#### Stored entries:
########
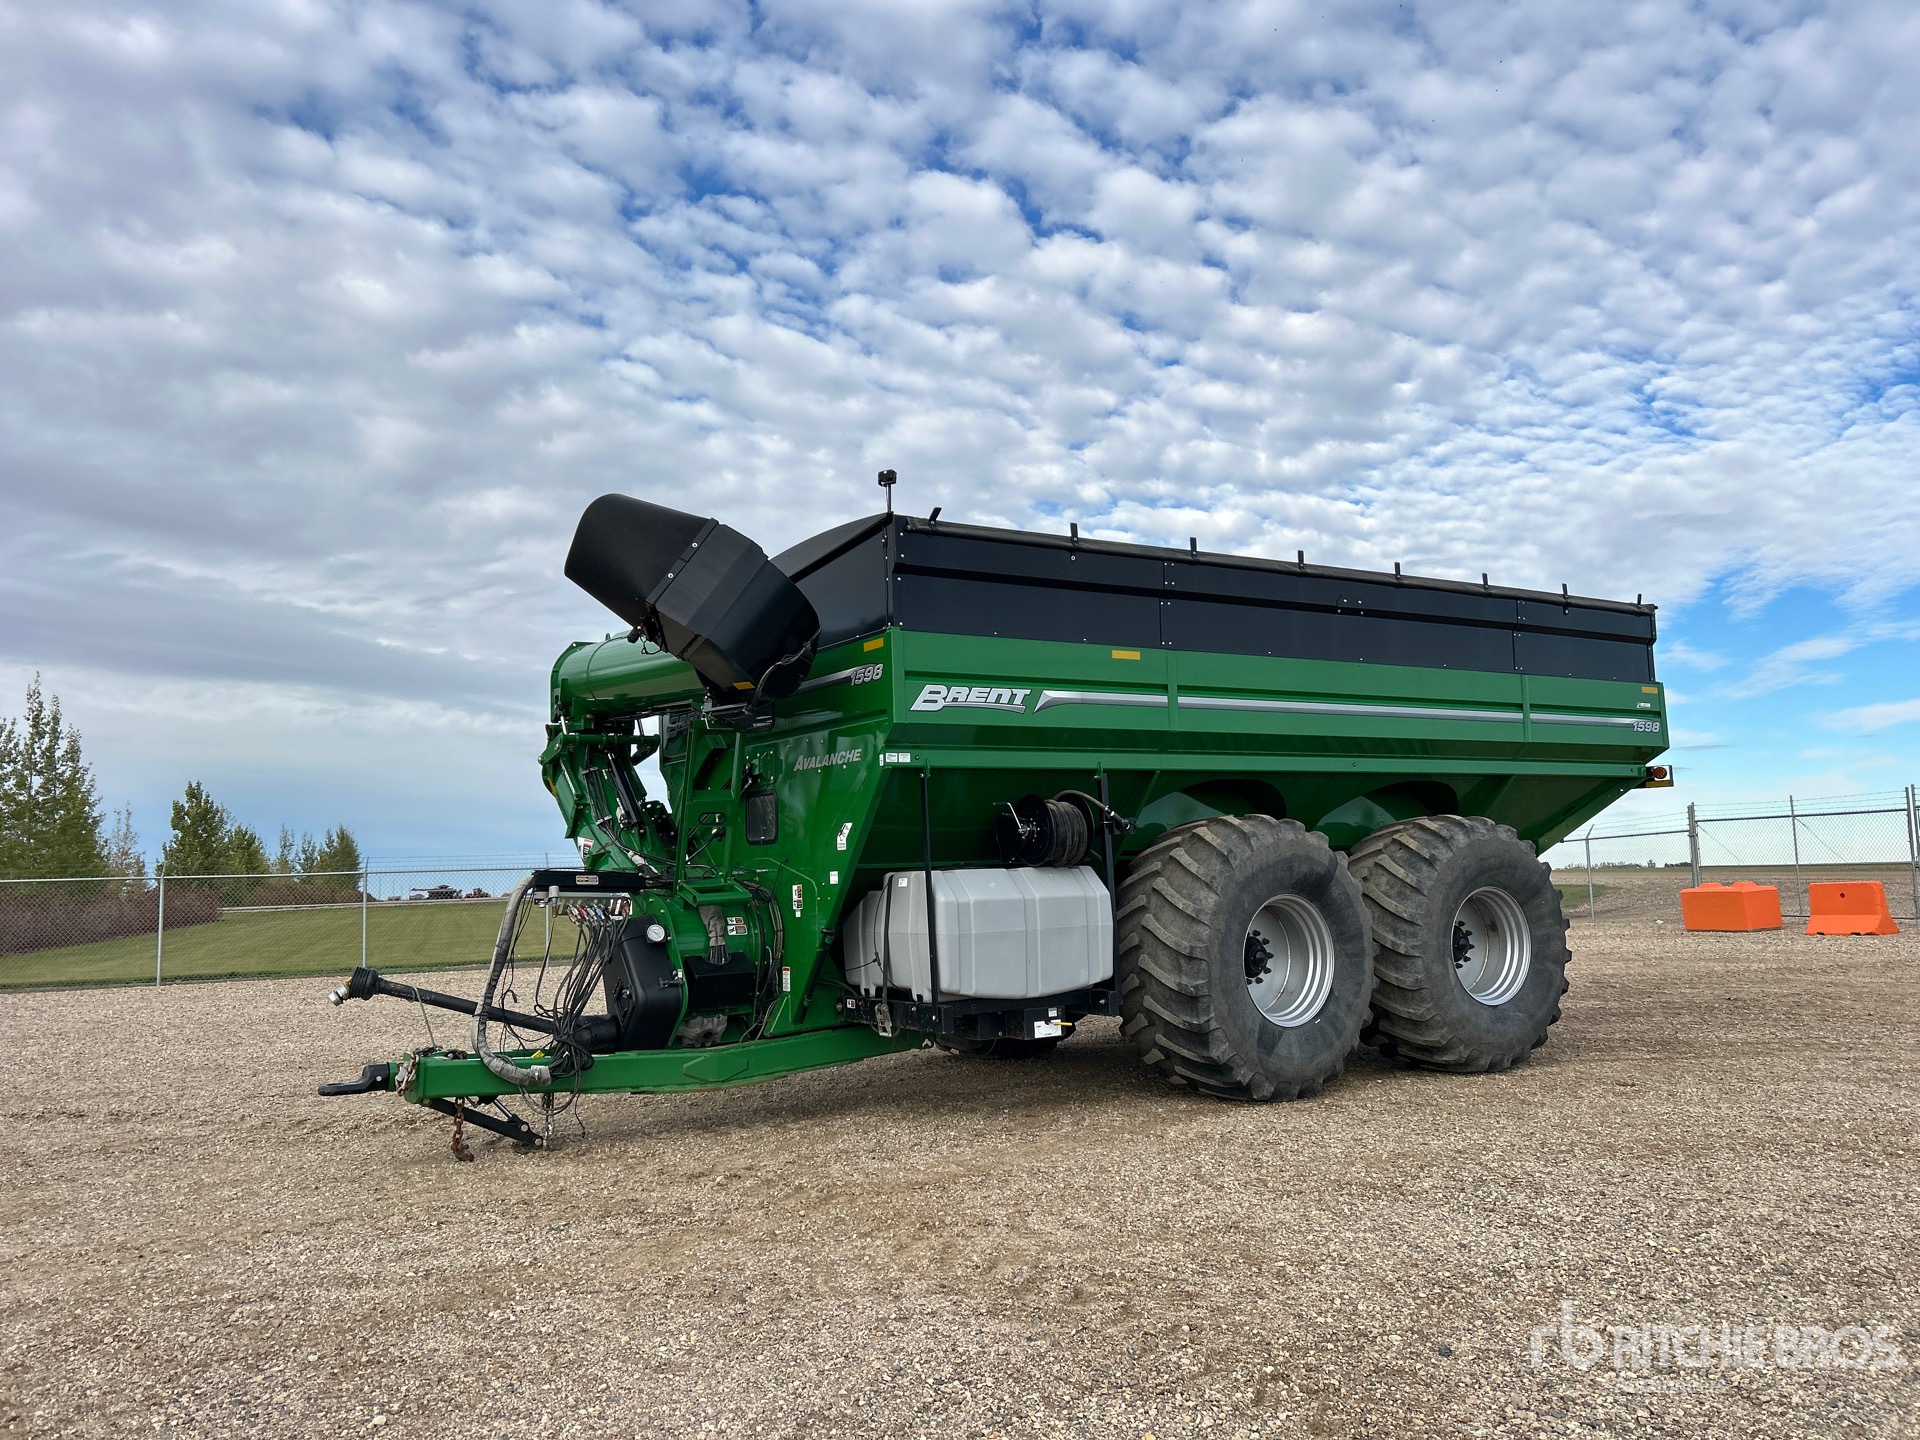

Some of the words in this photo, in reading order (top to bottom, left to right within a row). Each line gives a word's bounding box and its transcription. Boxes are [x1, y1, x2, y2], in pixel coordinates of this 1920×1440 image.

[850, 664, 884, 686] 1598
[910, 684, 1032, 713] BRENT
[1633, 720, 1660, 733] 1598
[793, 749, 862, 771] AVALANCHE
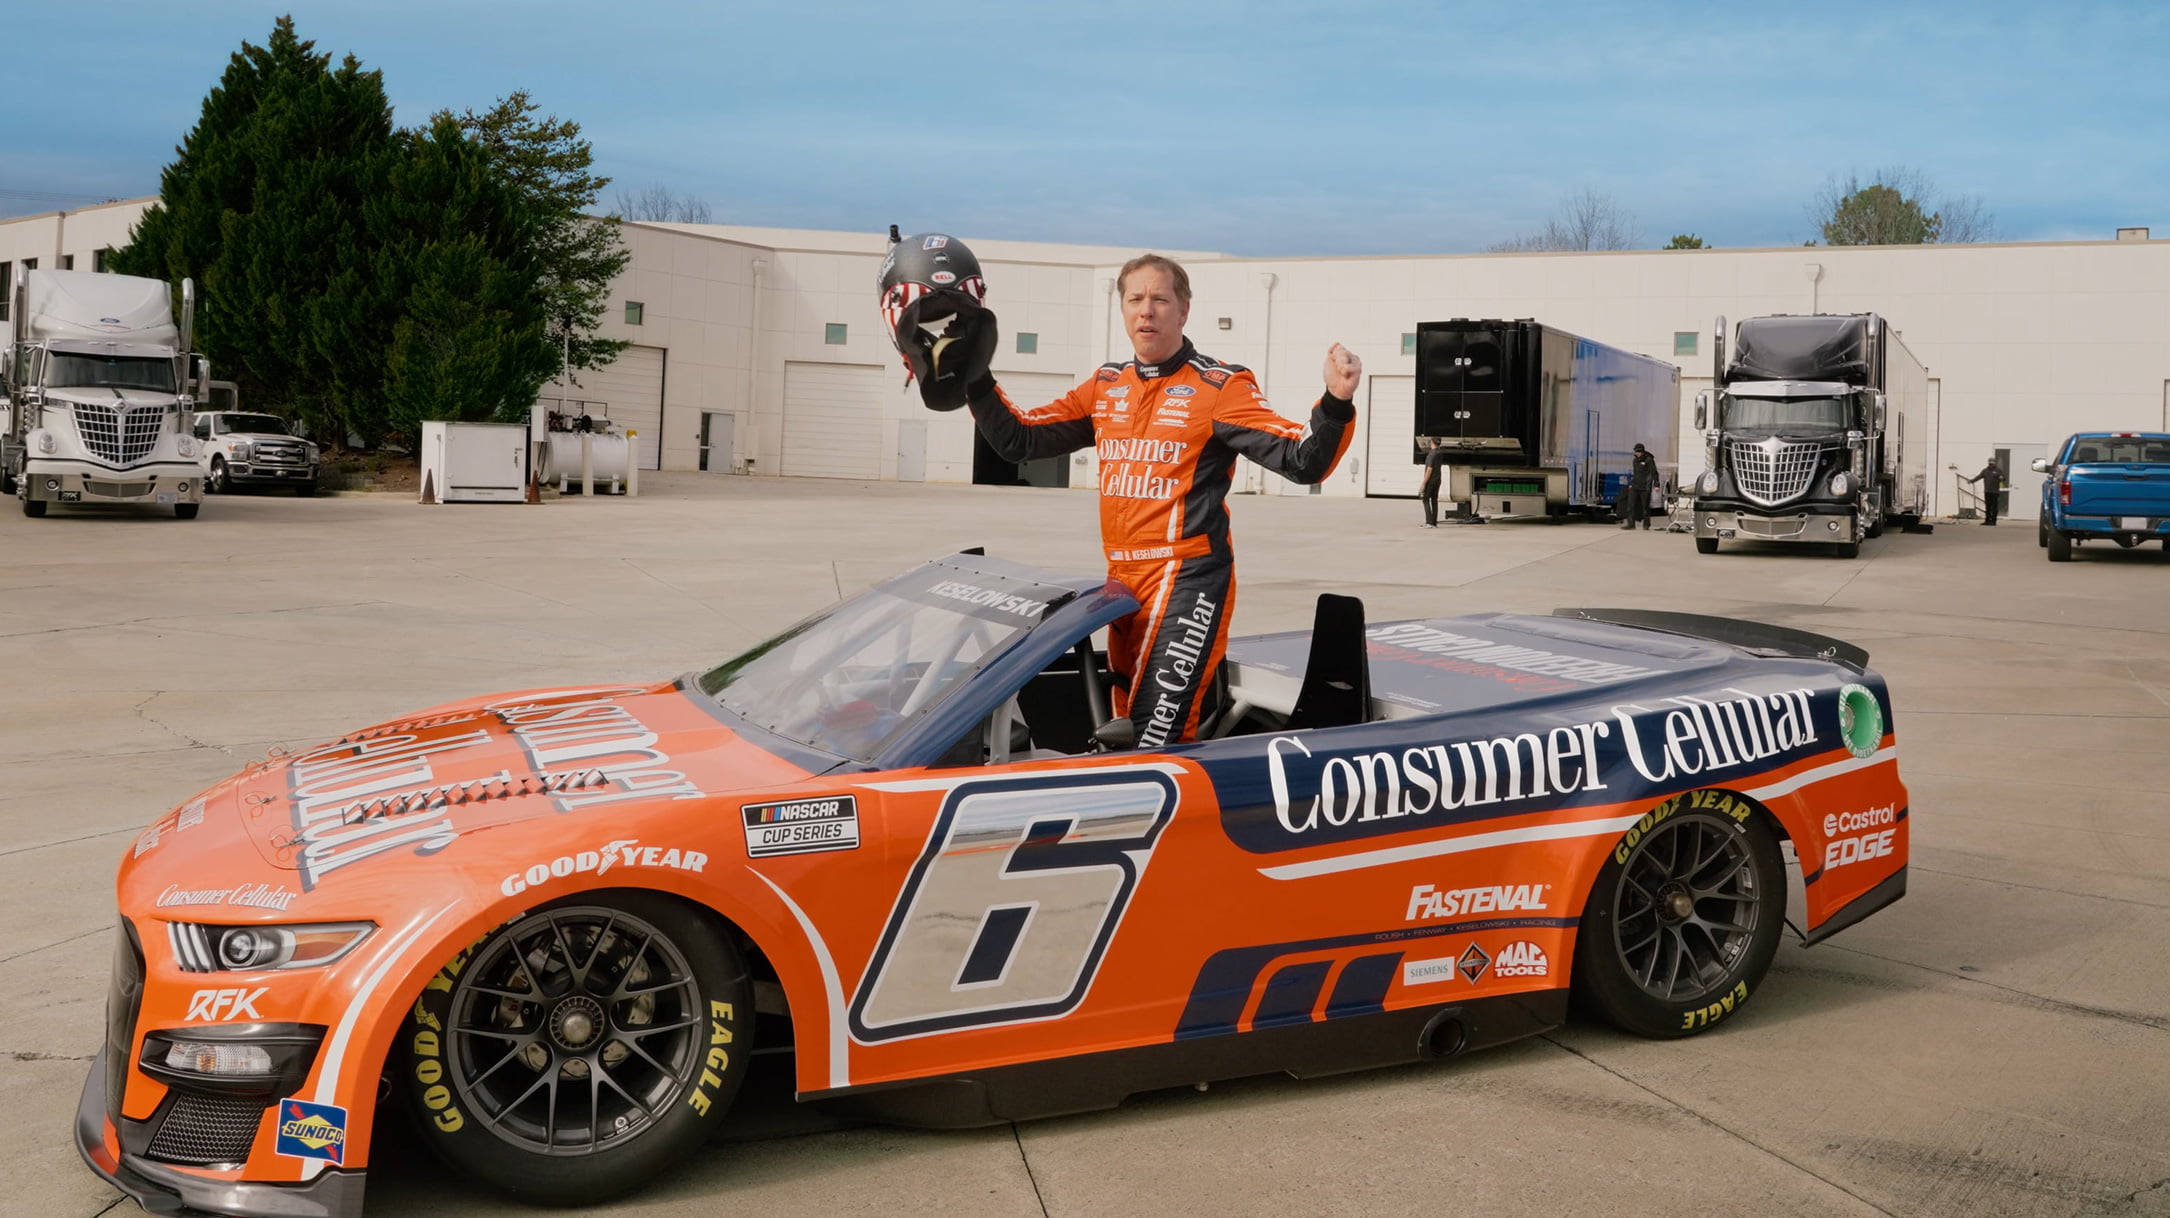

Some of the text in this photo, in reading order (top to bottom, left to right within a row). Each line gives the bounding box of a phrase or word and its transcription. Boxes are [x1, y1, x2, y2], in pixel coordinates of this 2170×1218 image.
########
#### Task details:
Exact copy, no pictures: return the entries word for word.

#### Exercise solution:
Some of the words in this photo, in reading order (top to bottom, left to right within a row). Each line gives a word's bounding box and its transcription. Boxes are [x1, y1, x2, y2], in pixel coordinates of this 1920×1440 image.

[850, 664, 884, 686] 1598
[910, 684, 1032, 713] BRENT
[1633, 720, 1660, 733] 1598
[793, 749, 862, 771] AVALANCHE

Some of the text in this photo, in reading order (top to bottom, left to right within a row). Each line gives the bounding box of a phrase or word and its transcription. Boxes are [x1, y1, x2, y2], in pixel coordinates of this 2170×1218 image.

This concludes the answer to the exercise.